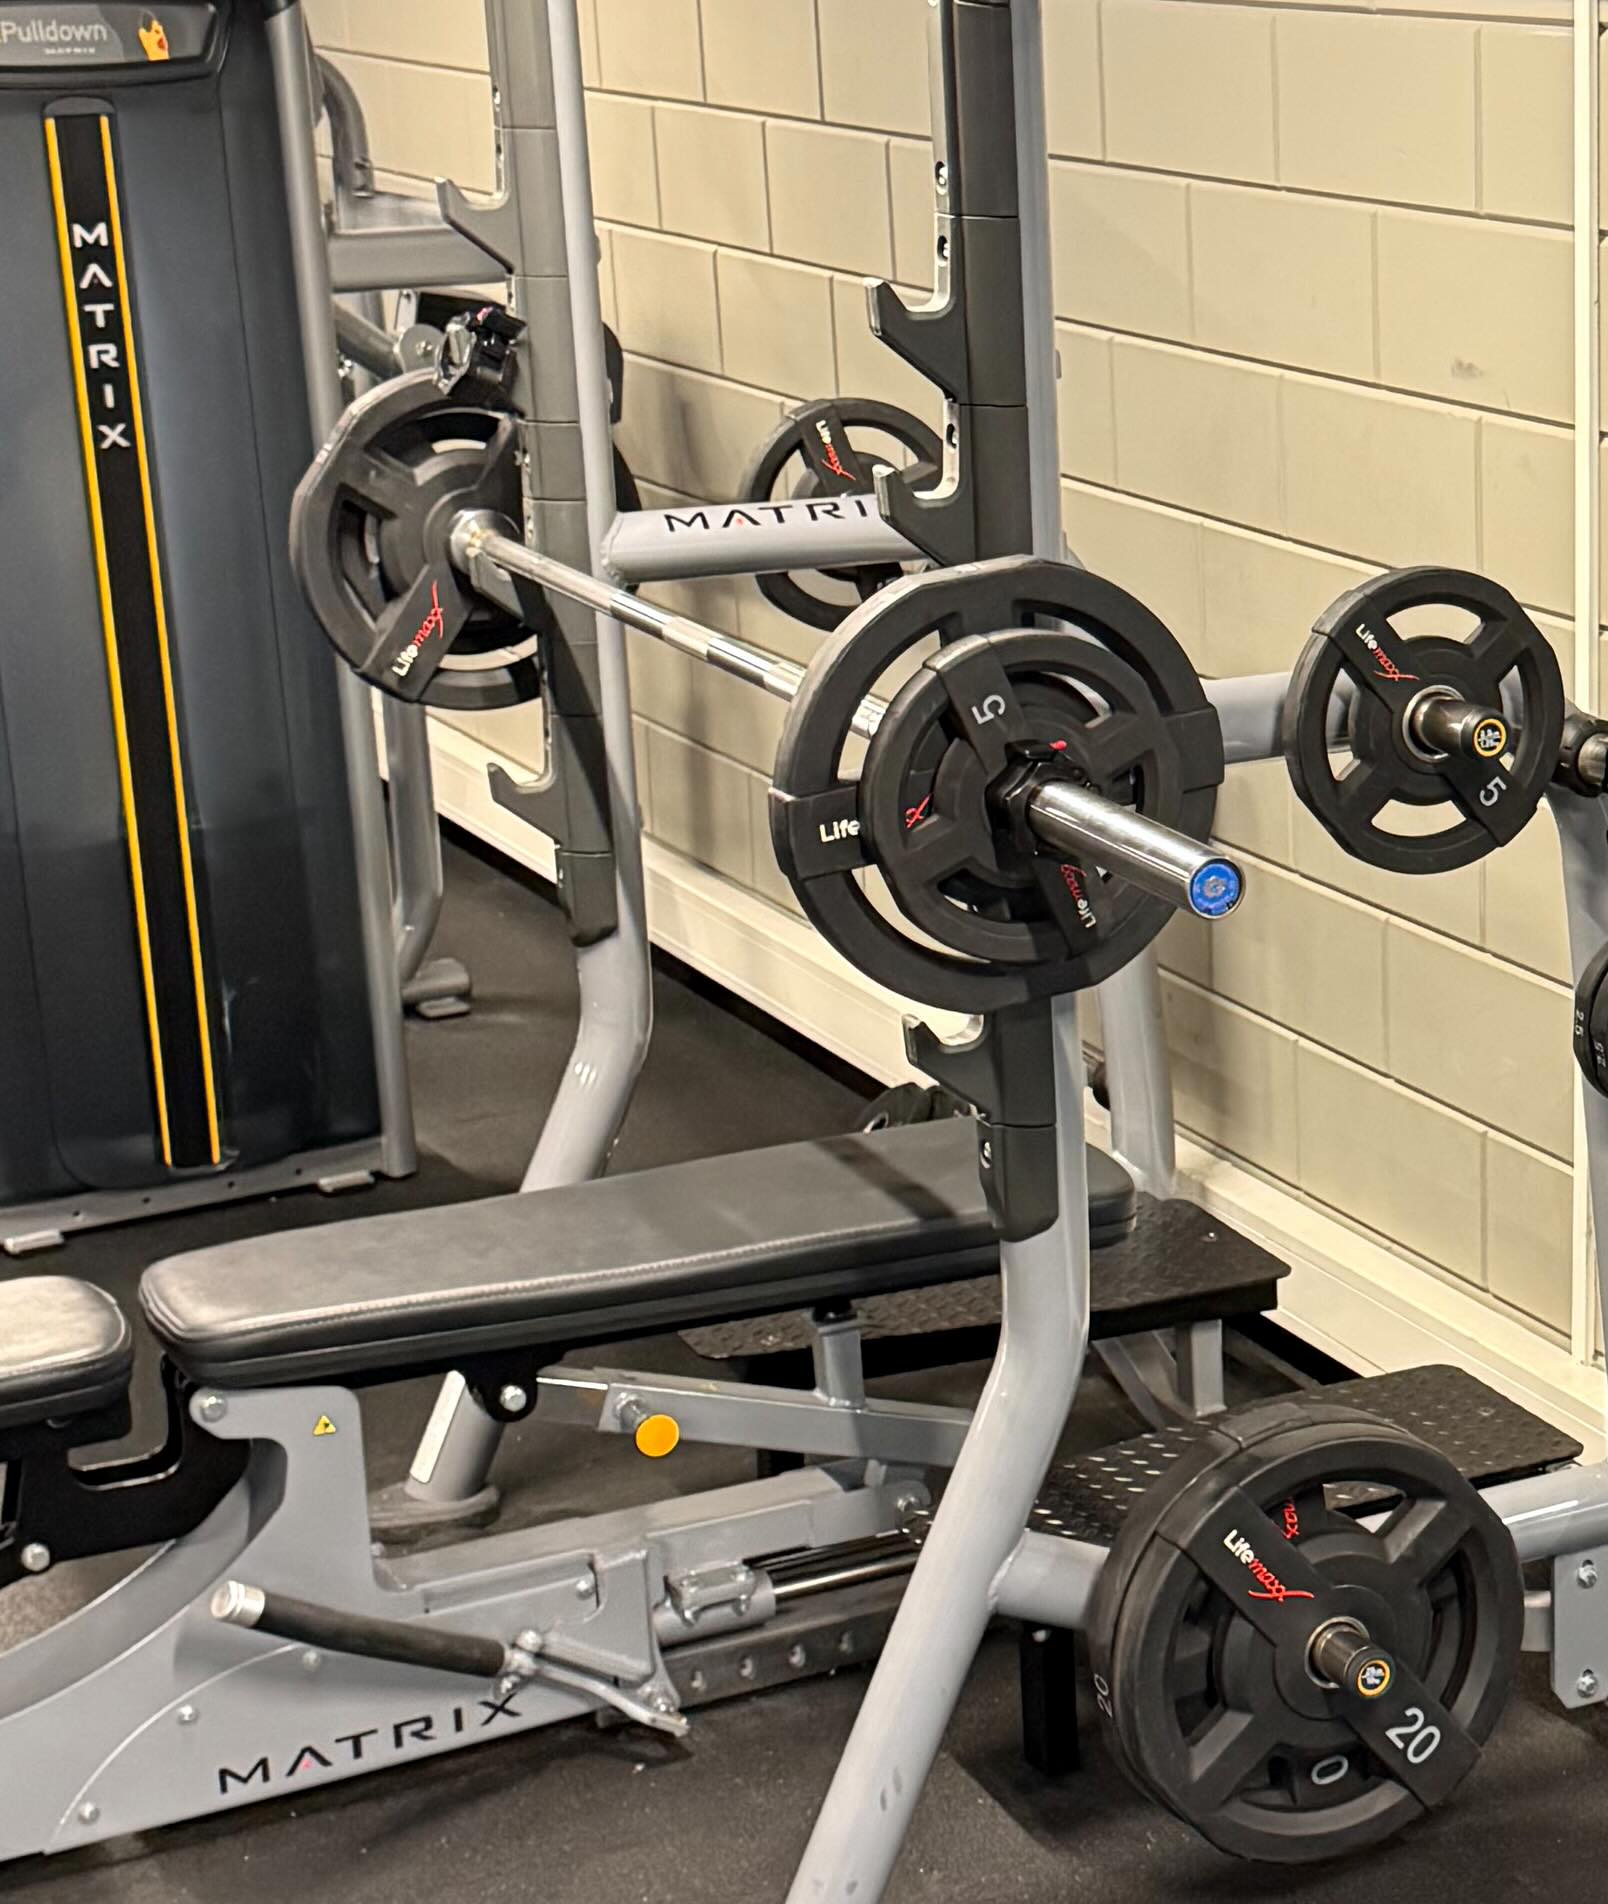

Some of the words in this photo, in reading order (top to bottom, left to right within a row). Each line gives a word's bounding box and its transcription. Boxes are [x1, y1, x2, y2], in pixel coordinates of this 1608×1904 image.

[1, 19, 107, 43] Pulldown
[72, 222, 130, 449] MATRIX
[663, 500, 868, 533] MATRI
[971, 694, 1007, 726] 5
[1479, 776, 1507, 807] 5
[819, 818, 861, 843] Life
[1223, 1529, 1315, 1602] Lifemaxx
[218, 1693, 523, 1796] MATRIX
[1385, 1707, 1441, 1764] 20

──────

ACTIVITY
Omit every picture, and otherwise quote the entries exactly.

OUTPUT OF THE TASK
Some of the words in this photo, in reading order (top to bottom, left to right within a row). Each line gives a word's bounding box and its transcription. Boxes are [x1, y1, x2, y2], in pixel coordinates of this 1608×1904 image.

[1, 19, 107, 43] Pulldown
[72, 222, 130, 449] MATRIX
[663, 500, 868, 533] MATRI
[971, 694, 1007, 726] 5
[1479, 776, 1507, 807] 5
[819, 818, 861, 843] Life
[1223, 1529, 1315, 1602] Lifemaxx
[218, 1693, 523, 1796] MATRIX
[1385, 1707, 1441, 1764] 20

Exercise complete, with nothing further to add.